Fu, quindi, necessario fare di nuovo visita a quel bambino, isolato da tanto tempo, per essere sicuri che le parti ferite di Peter si sentissero accudite, specialmente quando accadeva qualcosa di offensivo a casa o al lavoro. […] Un giorno dichiarò di aver cercato, durante l’età adulta, di lasciarsi alle spalle il passato e che, ironia della sorte, era stato necessario avvicinarsi moltissimo a esso, per riuscire a lasciarlo andare. (338)

La percezione delle sensazioni viscerali è fondamentale per la consapevolezza emotiva. Se un paziente mi riferisce che, quando aveva otto anni, il padre ha abbandonato la famiglia, posso probabilmente interrompere la narrazione e chiedergli di verificare dentro di sé l’effetto di quanto mi sta riportando…Quando si attivano le sensazioni viscerali e si ascolta il nostro cuore spezzato, le cose cominciano a cambiare. (272)

Essere traumatizzati non significa solo essere bloccati nel passato; si tratta, più che altro, di non essere pienamente vivi nel presente. (253)

“Ho lentamente e semplicemente imparato a provare i miei sentimenti, senza esserne travolta. La vita è più gestibile: sono più sintonizzata sulle mie giornate e più presente nel momento.

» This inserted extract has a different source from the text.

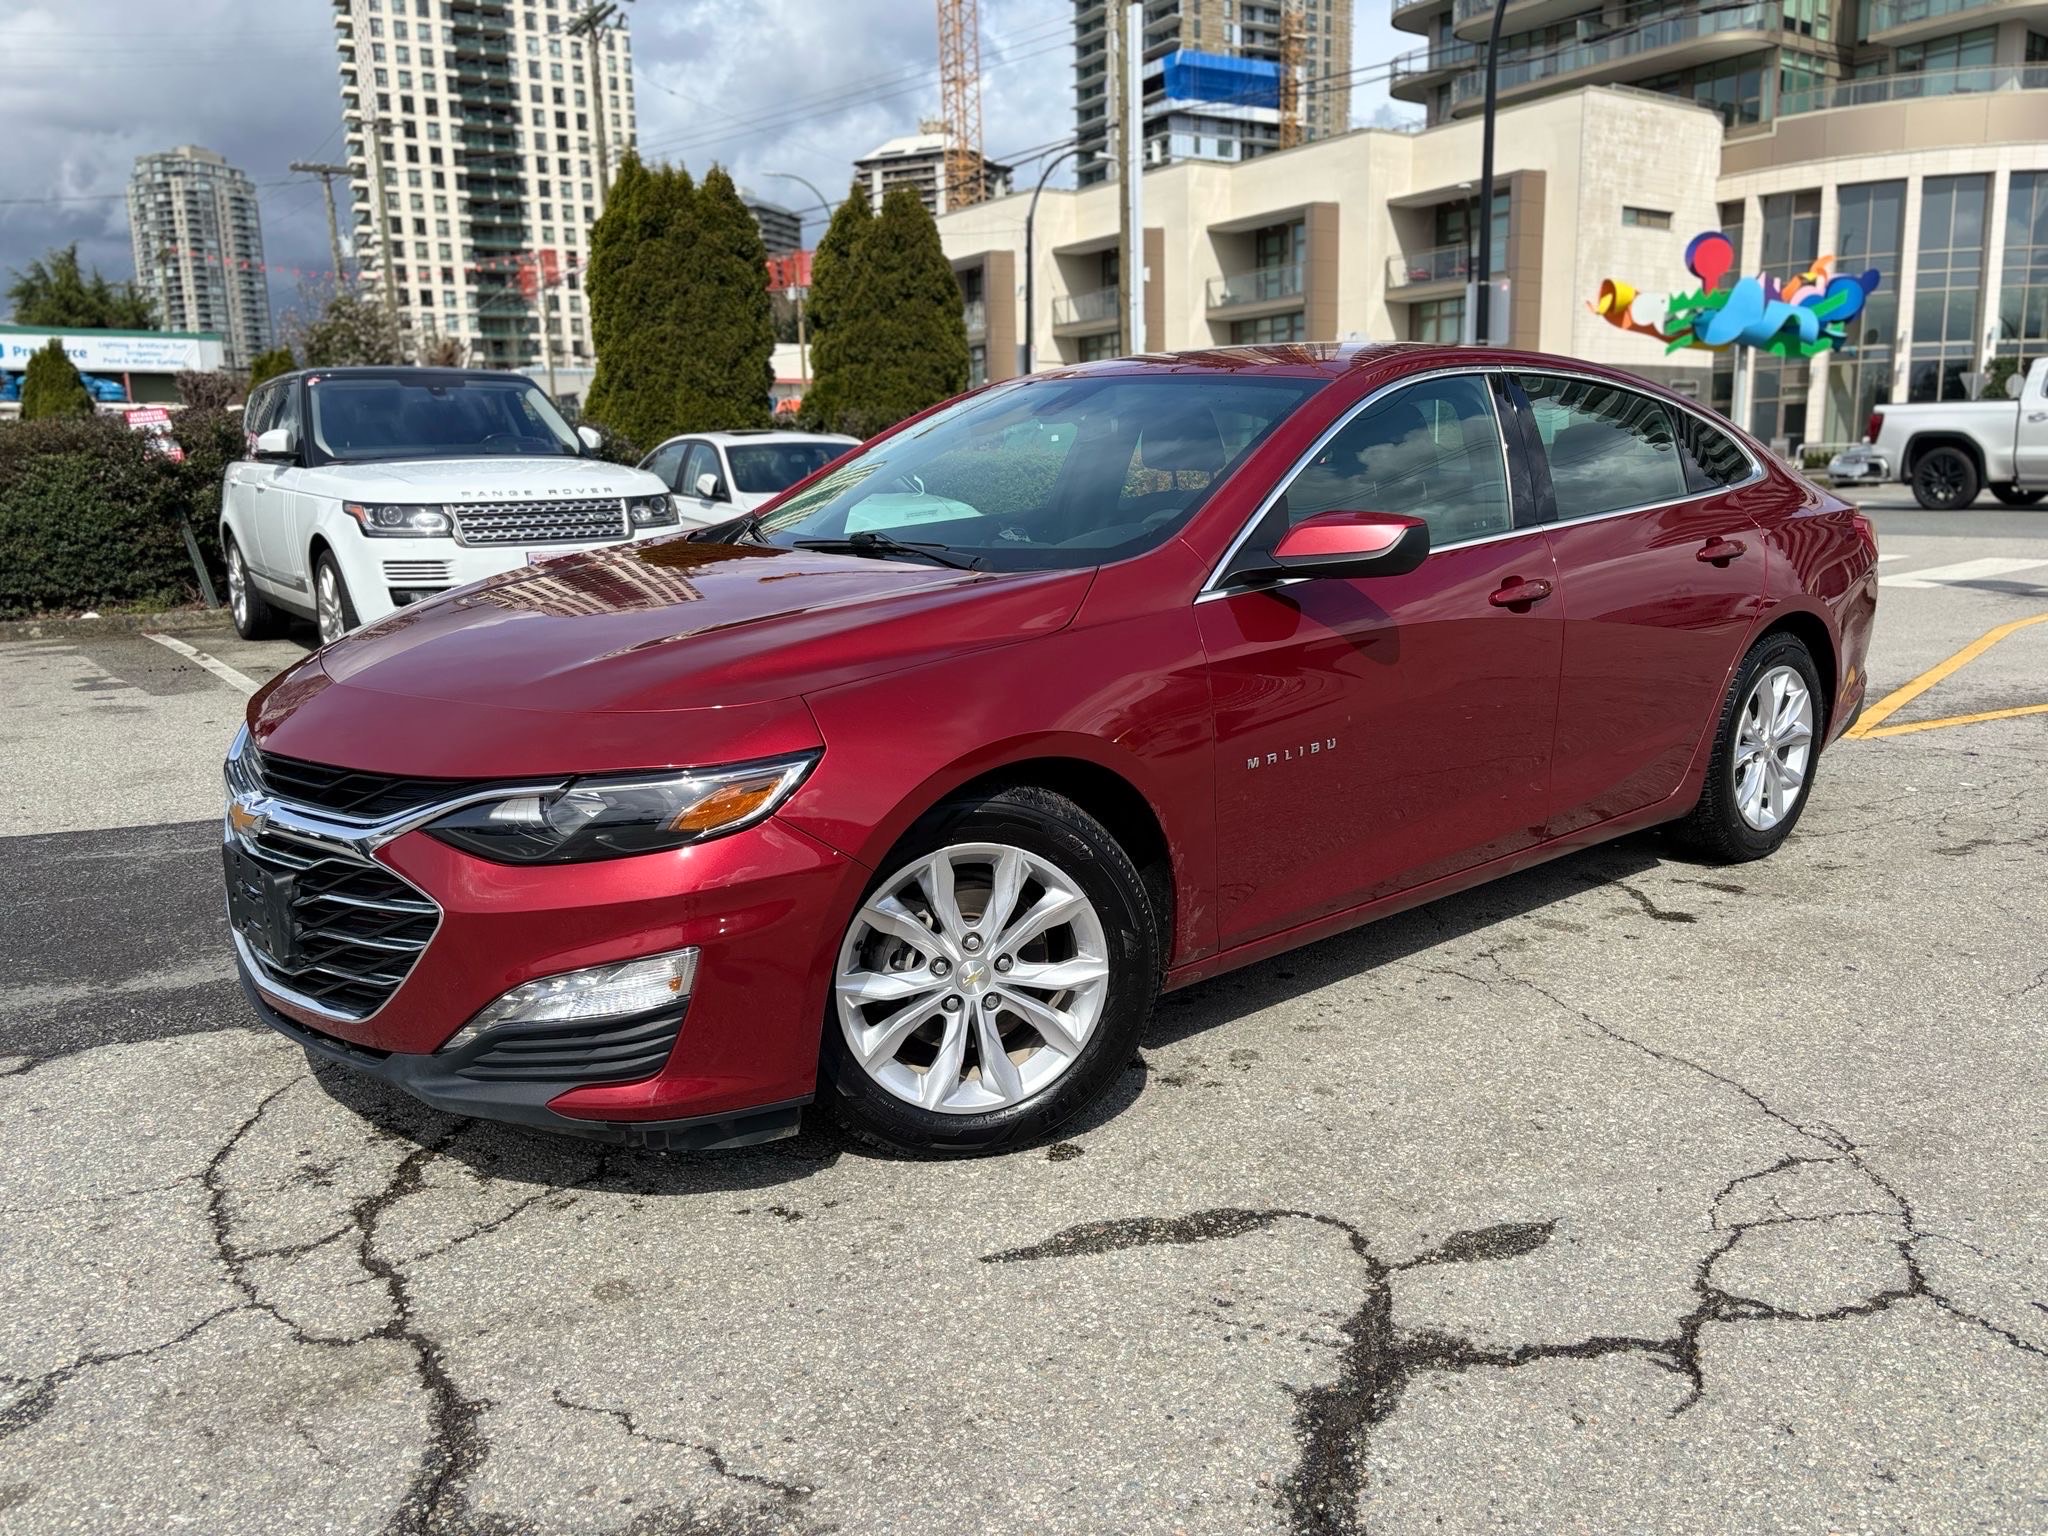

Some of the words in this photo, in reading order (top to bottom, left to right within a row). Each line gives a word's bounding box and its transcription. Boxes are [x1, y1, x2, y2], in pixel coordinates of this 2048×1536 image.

Tollero di più il contatto fisico. Mio marito e io stiamo cominciando a provare piacere nel guardare i film accoccolati insieme nel letto… un grande passo. Tutto ciò mi ha permesso di stare bene, in intimità con lui”. (315)

Il nostro senso di efficacia, quanto ci sentiamo padroni di noi stessi, è definito dal rapporto che abbiamo con il nostro corpo e i suoi ritmi: il ciclo sonno-veglia, il modo in cui mangiamo, ci sediamo e camminiamo, tutto ciò definisce la forma delle nostre giornate. Pertanto, per trovare la nostra voce, dobbiamo essere nel nostro corpo, capaci di respirare profondamente e in grado di accedere alle nostre sensazioni interiori (378)

Il trauma ci mette costantemente a confronto con la nostra fragilità e con la disumanità dell’uomo verso sé stesso, ma anche con la nostra straordinaria resilienza. Ho potuto fare questo lavoro per così tanto tempo, perché mi ha portato a esplorare l’origine delle felicità, della creatività, del senso e della condivisione: tutto ciò che rende la vita degna di essere vissuta. Non posso neanche immaginare come avrei affrontato quello che molti dei miei pazienti hanno sopportato, ma i loro sintomi rispecchiano, per me, la loro forza: sono, cioè, i modi che hanno imparato a usare per sopravvivere. E, nonostante tutta questa sofferenza, molti di loro sono diventati partner e genitori amorevoli, insegnanti esemplari, infermieri, scienziati e artisti. (408)

[1] Bassel Van Der Kolk, Il corpo accusa il colpo. Mente, corpo e cervello nell’elaborazione delle memorie traumatiche, Raffaello Cortina Editore, 2015.